Abstract

I explore the role that values and interests, especially ideological interests, play in managing and balancing epistemic risks in medicine. I will focus in particular on how diseases are identified and operationalized. Before we can do biomedical research on a condition, it needs to be identified as a medical condition, and it needs to be operationalized in a way that lets us identify sufferers, measure progress, and so forth. I will argue that each time we do this, we engage in epistemic risk balancing that inevitably draws upon values and interests, often including social and ideological values. My main interest here is in the conceptualization of infertility as a disease.
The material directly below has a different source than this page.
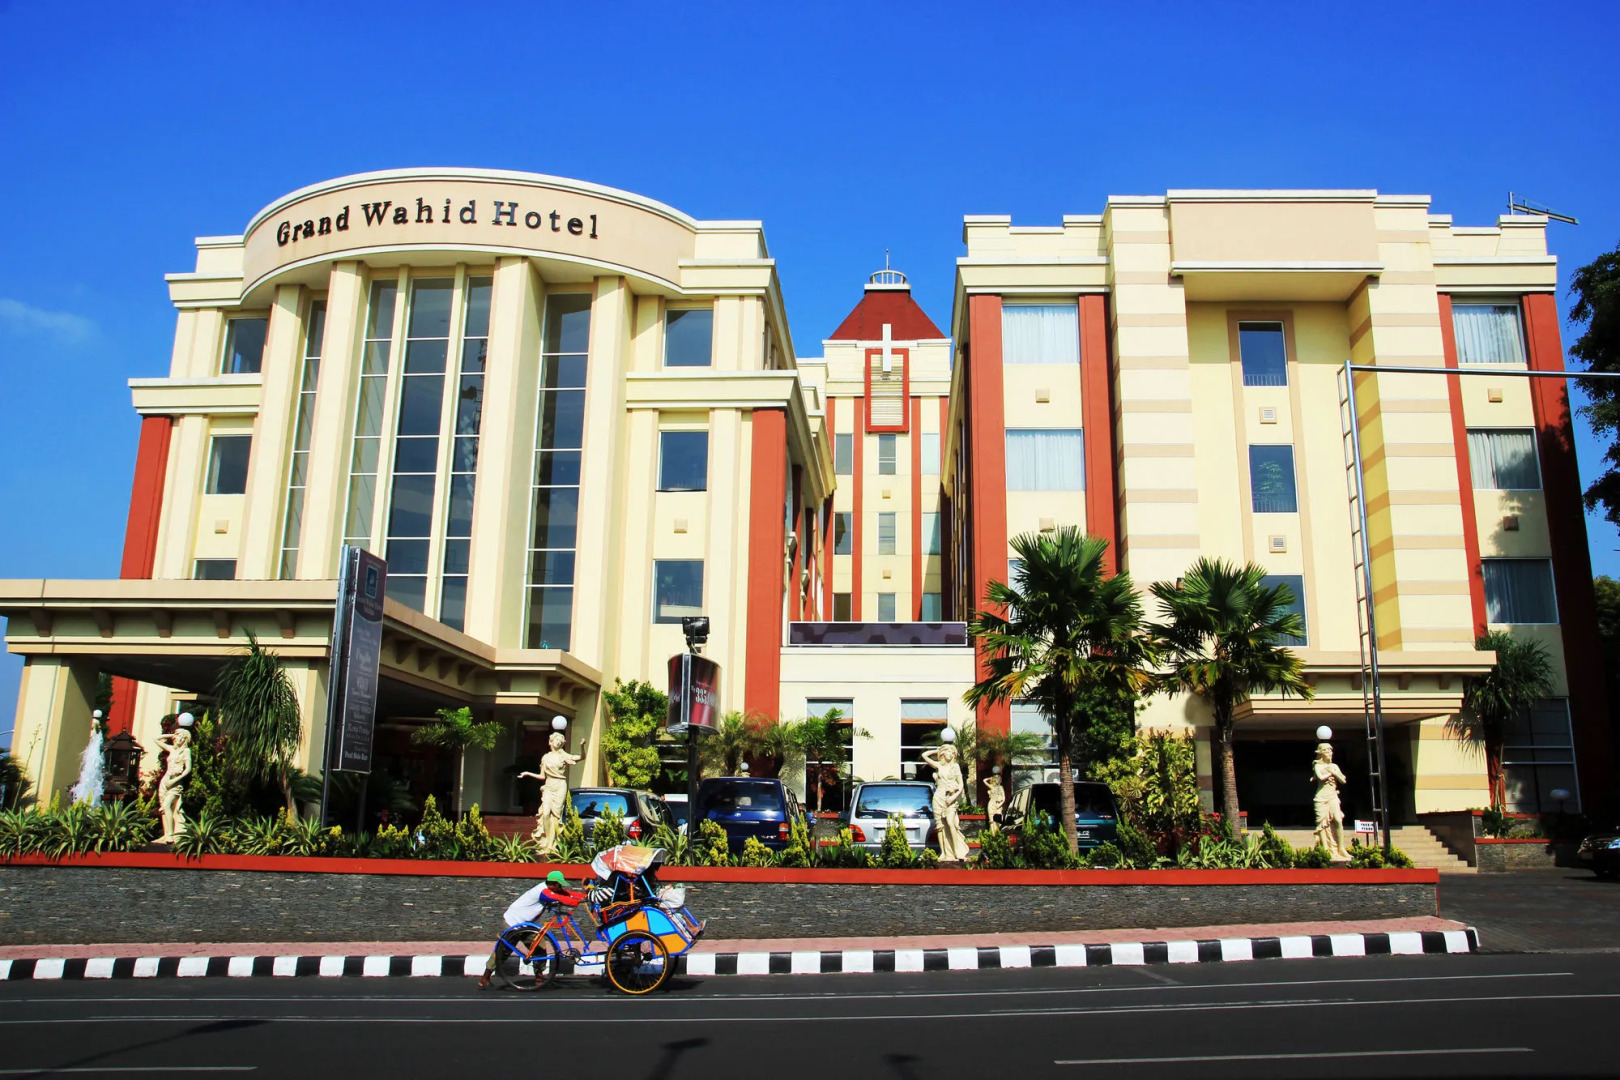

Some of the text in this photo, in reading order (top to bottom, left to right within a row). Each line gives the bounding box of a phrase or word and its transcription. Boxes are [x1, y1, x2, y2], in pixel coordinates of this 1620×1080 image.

[277, 197, 598, 247] Grand Wahid Hotel
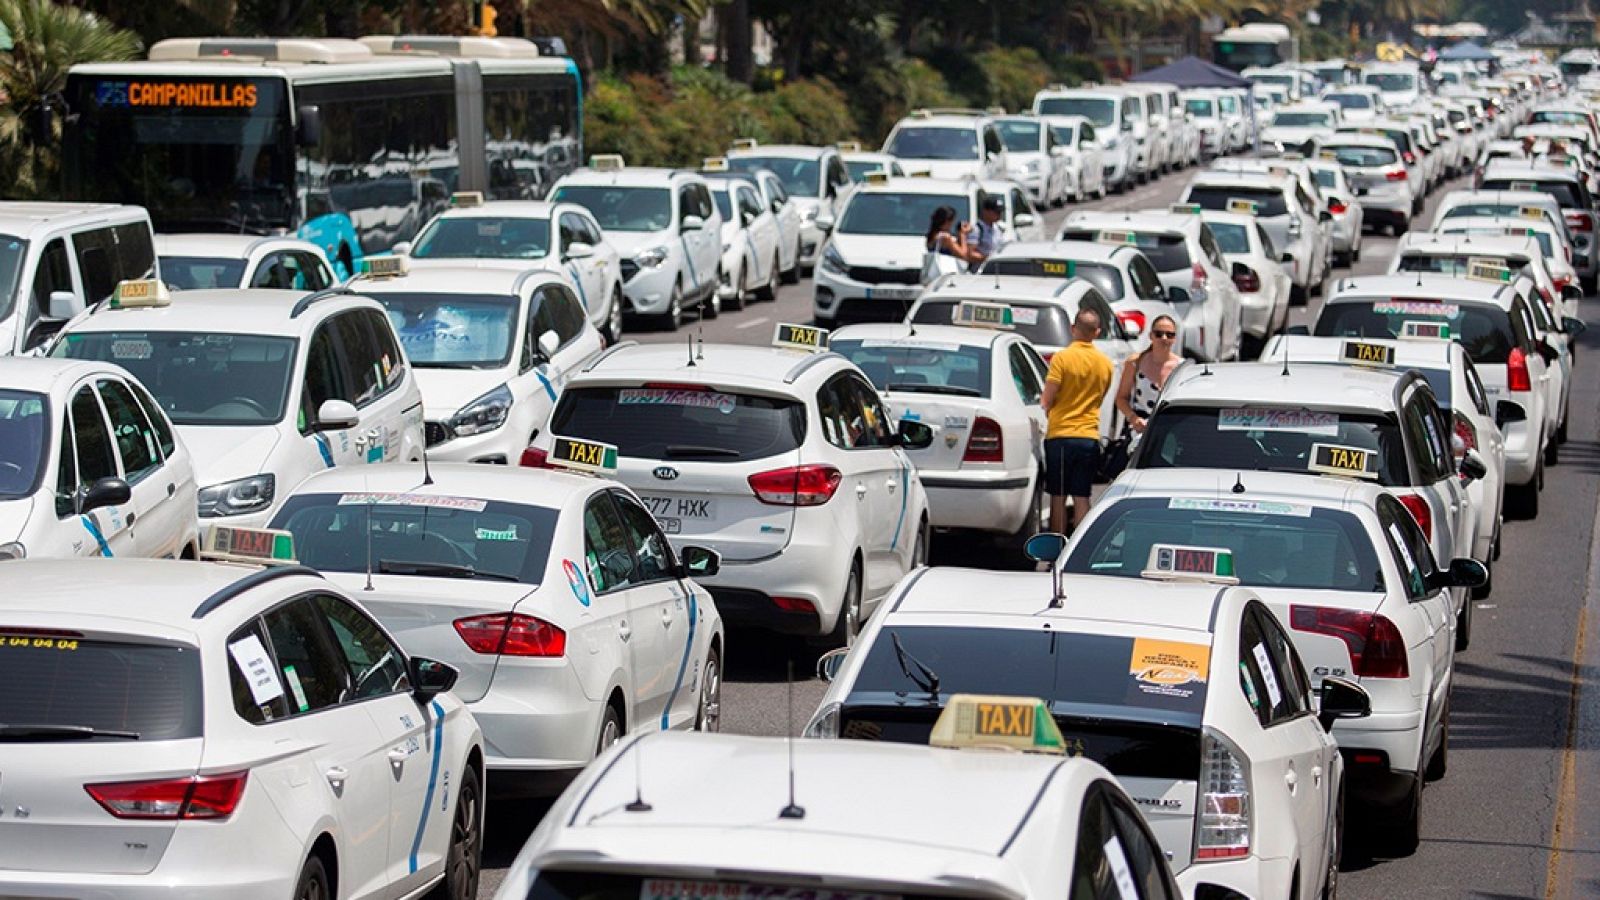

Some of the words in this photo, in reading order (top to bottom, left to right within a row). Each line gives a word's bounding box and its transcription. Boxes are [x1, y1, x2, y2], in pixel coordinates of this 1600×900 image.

Infertility is a rich test case for exploring the interplay between interests and epistemic risk management. There is no uncontested or standardized definition of infertility. The various definitions of it are internally ambiguous and tension-ridden, and in spectacular contradiction with one another. Many interest groups who are invested in framing infertility as a pressing problem deserving of social and medical redress are quick to insist that it is a legitimate ‘disease,’ but they cannot agree on which disease it is, what its symptoms or diagnostic markers are, or even what its basic ontology is. I suggest that there are political explanations for this epistemic mess. Indeed, I contend that there are good scientific and ethical reasons to reduce away the category of ‘infertility,’ especially understood as a scientific or medical category; I argue that we should excise the concept from our research and clinical practices.